Plus précisément, le lieu de mémoire est l’emplacement –les pièces d’une maison, par exemple – où l’orateur antique préparant son discours vient déposer une image des choses qu’il veut retenir (sujet, arguments, ordre d’exposition, etc.). Ensuite, au moment où il s’élance, il lui suffit de reparcourir ces lieux dans l’ordre et de reprendre les images qu’il y a déposées pour que reviennent les mots. Nous sommes dans une mémoire artificielle, visuelle avant tout, avec ses procédés mnémotechniques. L’auteur romain du traité conseille, en outre, de choisir des images actives, vives (imagines agentes), susceptibles de demeurer le plus longtemps possible dans la mémoire.

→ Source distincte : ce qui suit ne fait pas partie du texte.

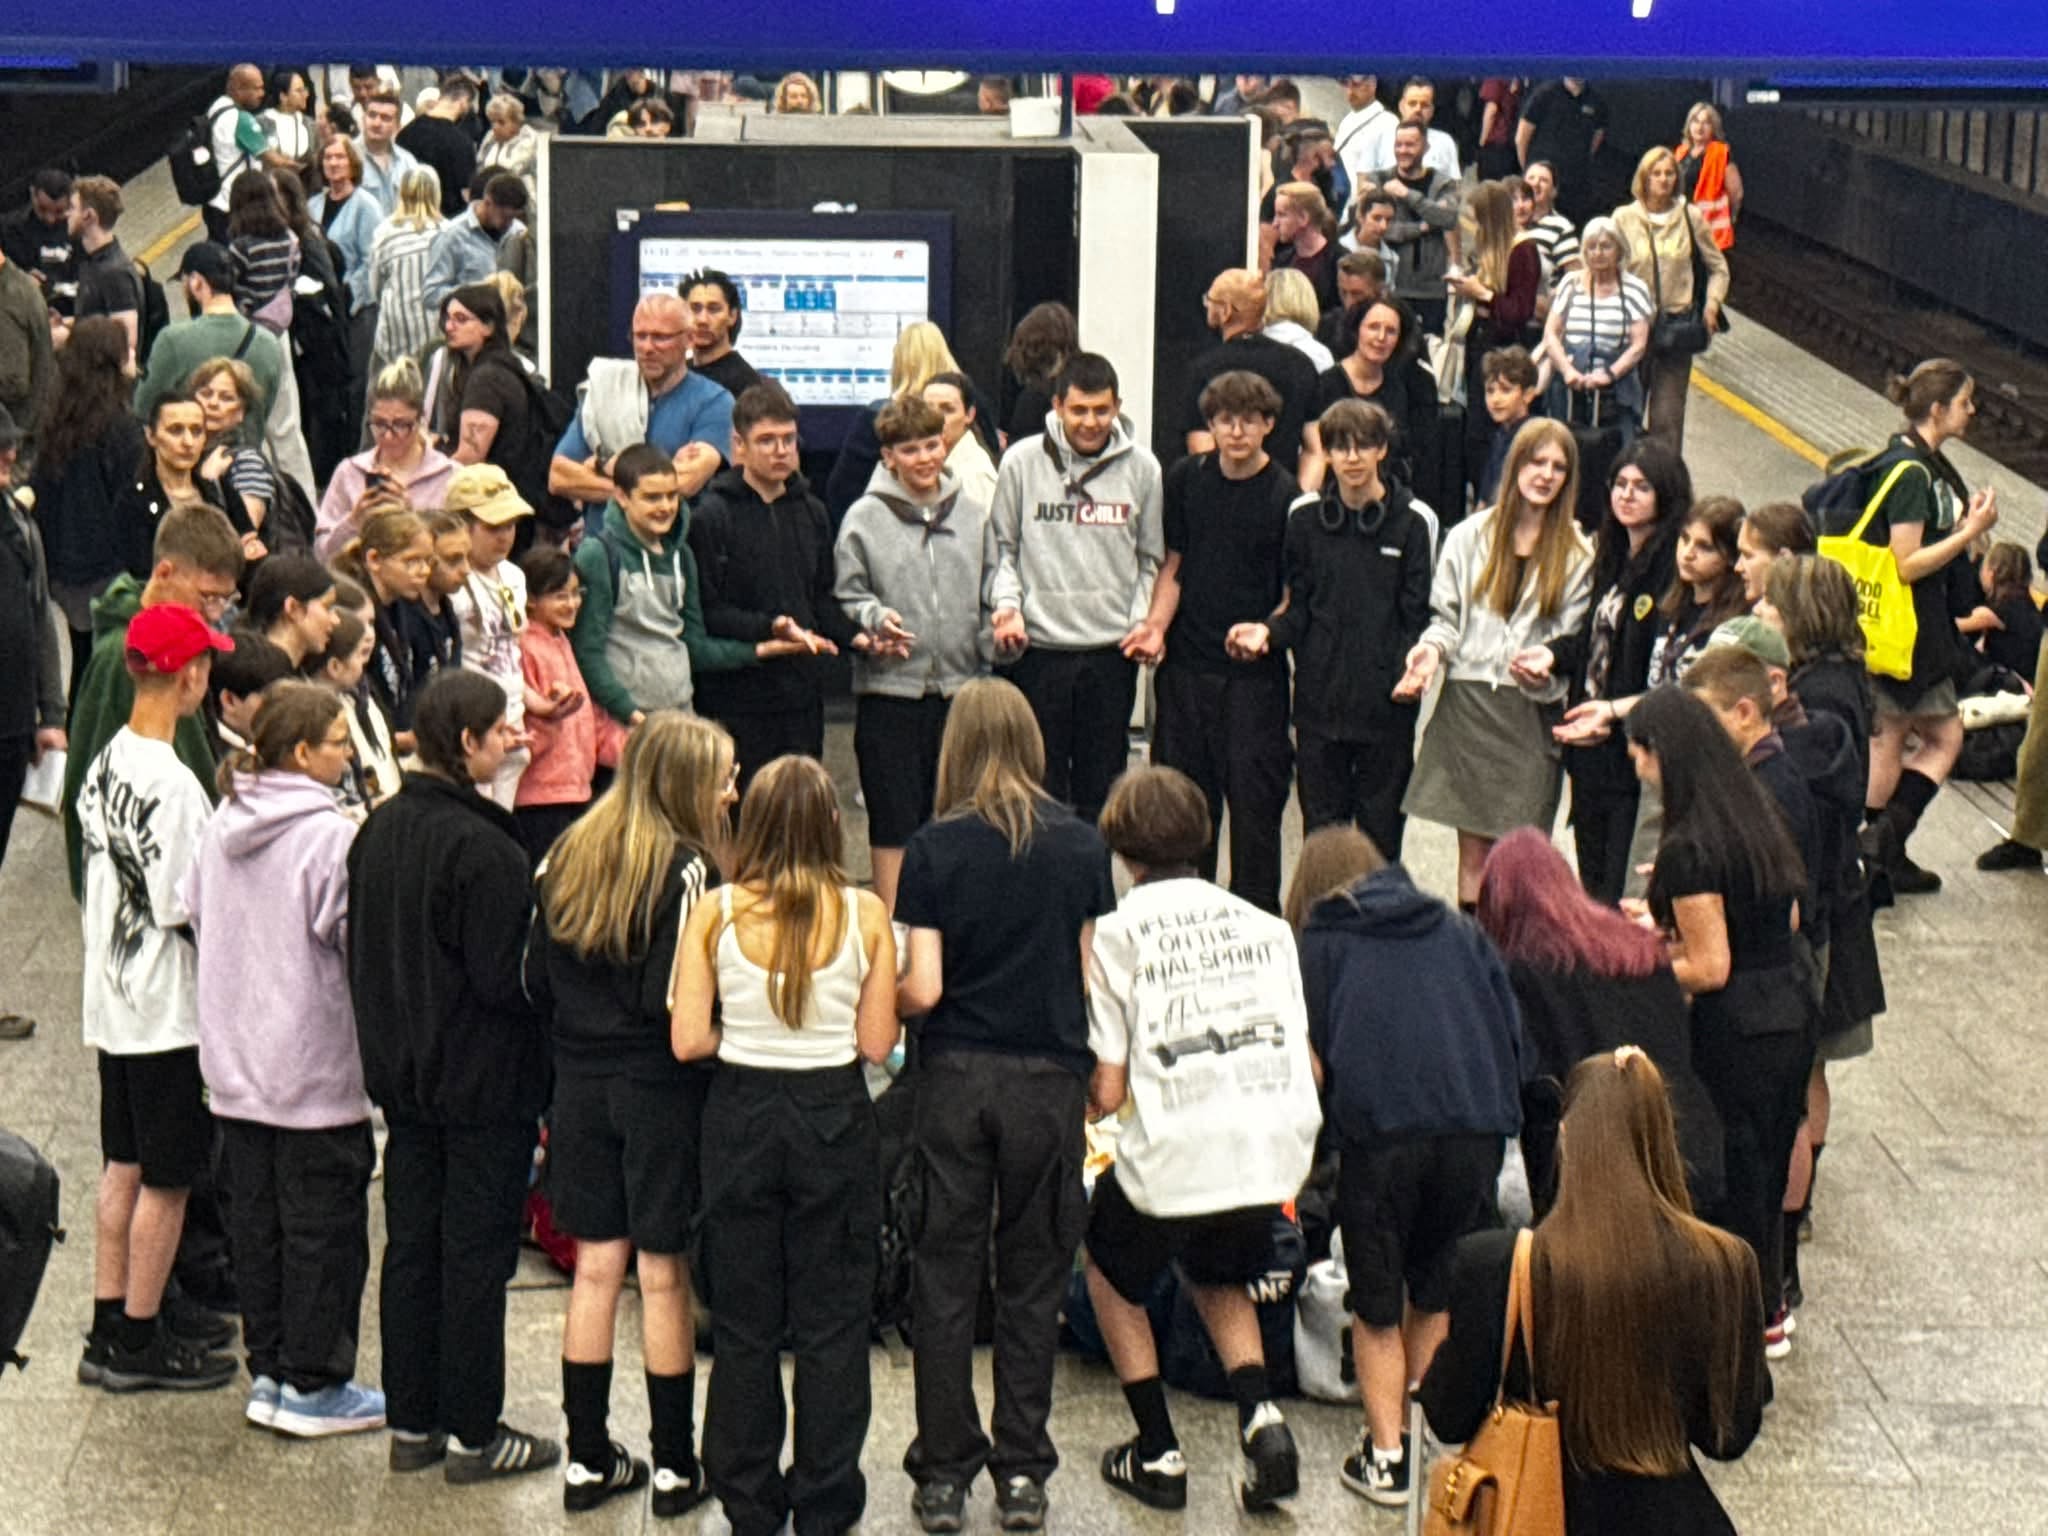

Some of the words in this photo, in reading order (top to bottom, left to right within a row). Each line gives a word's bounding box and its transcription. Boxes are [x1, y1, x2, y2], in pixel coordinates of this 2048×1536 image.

A l’instar de l’orateur, Nathalie Hartog-Gautier choisit (en fait, produit) des images actives, auxquelles s’accrochent des souvenirs, les siens parfois, mais parfois seulement, des traces, des « impressions », elles-mêmes porteuses de discours ou de récits passés, effectivement tenus ou simplement possibles. Car, à la différence de l’orateur, qui, à Rome, est d’abord l’avocat plaidant pour convaincre, elle dispose des signes qu’il revient au spectateur, s’il le veut, de déchiffrer et d’expliciter en un discours élaboré. Il peut aussi rester, pour ainsi dire, à la surface et s’en tenir aux seules images suscitées : à leurs vibrations, associations, transformations, à leurs anamorphoses ou métamorphoses ; il lui suffit d’être ouvert à leur pouvoir d’évocation et de suggestion.
Pour mieux faire comprendre ce qu’est cet art de la mémoire, l’auteur du traité utilise aussi une comparaison. « Les lieux, écrit-il, ressemblent beaucoup à des tablettes enduites de cire ou à des papyrus, les images à des lettres, l’arrangement et la disposition des images à l’écriture et le fait de prononcer un discours à la lecture ». Oui, les lieux de Nathalie Hartog-Gautier sont bien comme des tablettes enduites de cire sur lesquelles le scribe dispose des lettres qui construisent des mots et des phrases. Elle pratique un art graphique : les supports peuvent être des tissus, certains types de papiers, des photographies ou, mieux encore, ces splendides et un peu énigmatiques plaques photographiques, conservées dans les archives du château de Versailles. Et sur ces supports viennent, en surimpression, des points de couleur, des petits objets, des lettres, appartenant à des alphabets connus ou non, d’autres images, des mots, des textes… Ce sont autant de strates, mais loin qu’elles soient tenues séparées, elles se mêlent, et l’œil les saisit ensemble, sur le même plan, comme si l’on était face à un palimpseste où toutes les couches étaient visibles : tout se donnant à voir en même temps dans le présent d’une mémoire individuelle ou culturelle.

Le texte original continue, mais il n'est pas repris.